Troubleshooting¶
This page lists common problems and their solutions.
Ollama¶
Ollama not running¶
Problem: Connection to local Ollama fails.
Solution:
# Check if Ollama is running
ollama list
# Start Ollama service
# macOS/Linux
ollama serve
# Systemd (Linux)
sudo systemctl start ollama
sudo systemctl status ollama
Model not found¶
Problem: Model is not available.
Solution:
# List installed models
ollama list
# Pull missing model
ollama pull llama3.2:1b
# Popular models
ollama pull llama3.2:3b
ollama pull llama3.2:1b
ollama pull mixtral:8x7b
Out of Memory (local Ollama)¶
Problem: Model is too large for available RAM.
Solution:
# Use a smaller model
client = LLMClient(api_choice="ollama", llm="llama3.2:1b") # ~1.3GB
# Or a quantized model
client = LLMClient(api_choice="ollama", llm="llama3.2:1b-q4_0") # Smaller
RAM Recommendations:
- < 4GB RAM: llama3.2:1b
- 4-8GB RAM: llama3.2:3b
- 8-16GB RAM: llama3.2:1b
- 16GB+ RAM: llama3.1:70b or larger
Ollama Cloud API Key missing¶
Problem: Ollama Cloud without API key.
Solution:
# Set Ollama Cloud API Key
export OLLAMA_API_KEY=your_api_key
# Or in secrets.env
echo "OLLAMA_API_KEY=your_api_key" >> secrets.env
Streaming¶
StreamingNotSupportedError¶
Problem: Streaming is not supported.
Solution:
from llm_client.exceptions import StreamingNotSupportedError
try:
for chunk in client.chat_completion_stream(messages):
print(chunk, end="")
except StreamingNotSupportedError:
# Fallback to normal completion
response = client.chat_completion(messages)
print(response)
Streaming freezes¶
Problem: Stream stops in the middle of the response.
Possible causes:
- Network issues
- Timeout
- API limit reached
Solution:
import time
# With timeout handling
chunks = []
try:
for chunk in client.chat_completion_stream(messages):
chunks.append(chunk)
print(chunk, end="", flush=True)
except Exception as e:
print(f"\nStreaming interrupted: {e}")
if chunks:
print(f"Partial response: {''.join(chunks)}")
Token Counting¶
tiktoken not available¶
Problem: Token counting without tiktoken.
Solution:
Workaround without tiktoken:
from llm_client import TokenCounter
# Automatically uses estimation
counter = TokenCounter()
token_count = counter.count_tokens(messages)

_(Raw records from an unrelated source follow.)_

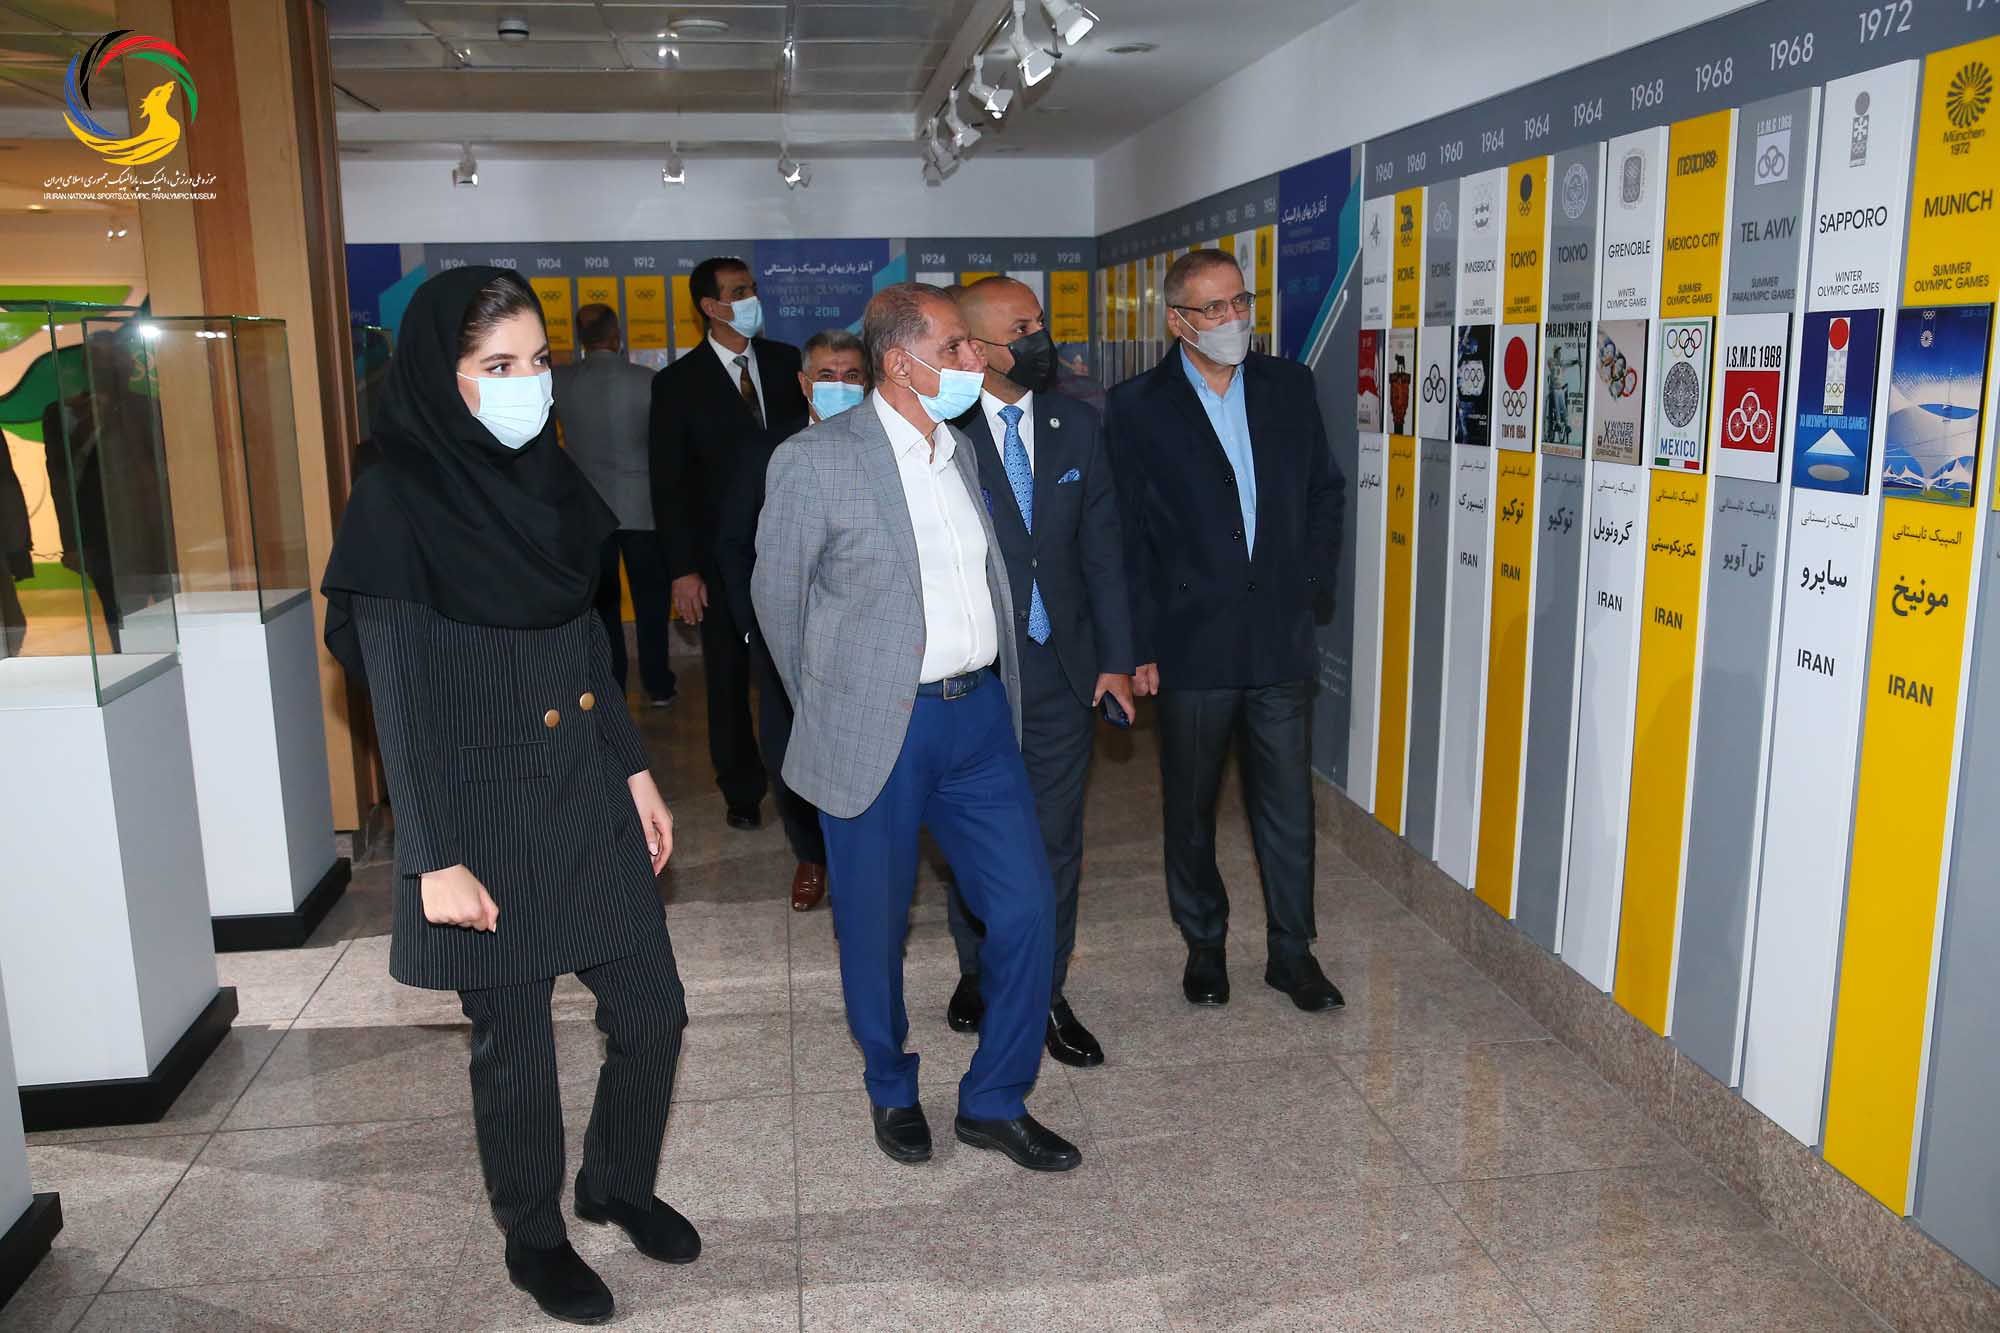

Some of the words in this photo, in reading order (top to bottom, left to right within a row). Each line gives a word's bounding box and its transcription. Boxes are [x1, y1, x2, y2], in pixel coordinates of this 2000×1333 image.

[1406, 151, 1427, 173] 1960
[1439, 140, 1464, 165] 1960
[1481, 127, 1505, 153] 1964
[1524, 113, 1551, 141] 1964
[1573, 97, 1603, 127] 1964
[1630, 79, 1664, 111] 1968
[1695, 57, 1734, 93] 1968
[1769, 32, 1815, 71] 1968
[1858, 0, 1913, 43] 1972
[1942, 128, 1986, 145] München
[1950, 141, 1970, 156] 1972
[1923, 188, 1994, 219] MUNICH
[1741, 220, 1761, 244] TEL
[1763, 215, 1797, 242] AVIV
[1818, 206, 1888, 234] SAPPORO
[1608, 240, 1651, 259] GRENOBLE
[1667, 235, 1700, 252] MEXICO
[1701, 232, 1720, 249] CITY
[490, 258, 517, 270] 1900
[536, 258, 561, 270] 1904
[633, 256, 657, 269] 1912
[920, 253, 946, 265] 1924
[1510, 249, 1538, 270] TOKYO
[1558, 242, 1589, 265] TOKYO
[1463, 259, 1497, 274] INNSBRUCK
[1834, 270, 1863, 284] WINTER
[1932, 261, 1973, 277] SUMMER
[1617, 287, 1636, 298] WINTER
[1817, 286, 1850, 297] OLYMPIC
[1851, 281, 1880, 296] GAMES
[1913, 278, 1952, 293] OLYMPIC
[1954, 274, 1990, 290] GAMES
[1629, 297, 1648, 308] GAMES
[1770, 288, 1796, 301] GAMES
[1544, 320, 1587, 338] PARALYMPIC
[1726, 345, 1757, 368] I.S.M.G
[1759, 345, 1782, 368] 1968
[1660, 437, 1696, 458] MEXICO
[1502, 498, 1524, 525] توکیو
[1547, 507, 1574, 535] توکیو
[1391, 530, 1406, 546] IRAN
[1593, 516, 1633, 545] گرونوبل
[1460, 551, 1478, 568] IRAN
[1722, 543, 1749, 571] آویو
[1748, 551, 1766, 577] تل
[1501, 562, 1521, 581] IRAN
[1800, 559, 1848, 595] ساپرو
[1597, 591, 1623, 612] IRAN
[1891, 575, 1949, 616] مونیخ
[1654, 606, 1683, 630] IRAN
[1796, 648, 1835, 677] IRAN
[1887, 674, 1934, 707] IRAN

print(f"Estimated tokens: {token_count}")
Incorrect Token Count¶
Problem: Token count deviates significantly.
Causes:
- Wrong model for encoding
- tiktoken not installed (estimation)
Solution:
# Specify correct model
token_count = client.count_tokens(messages, model="gpt-4o")
# For specific models
from llm_client import TokenCounter
counter = TokenCounter()
# GPT-4o
count = counter.count_tokens(messages, model="gpt-4o")
# GPT-3.5
count = counter.count_tokens(messages, model="gpt-3.5-turbo")
Async Issues¶
RuntimeError: Async methods not supported¶
Problem: Async methods on a sync client.
Solution:
# Create Async client
client = LLMClient(use_async=True)
# Use async methods
import asyncio
async def main():
response = await client.achat_completion(messages)
print(response)
asyncio.run(main())
Event loop is already running¶
Problem: Occurs in Jupyter/Colab.
Solution:
Async Provider not available¶
Problem: Import error for async_providers.
Solution:
Configuration Files¶
FileNotFoundError: Config file not found¶
Problem: Config file not found.
Solution:
from pathlib import Path
# Check path
config_path = Path("llm_config.yaml")
if not config_path.exists():
print(f"File not found: {config_path.absolute()}")
# Create template
from llm_client.config import generate_config_template
generate_config_template("llm_config.yaml")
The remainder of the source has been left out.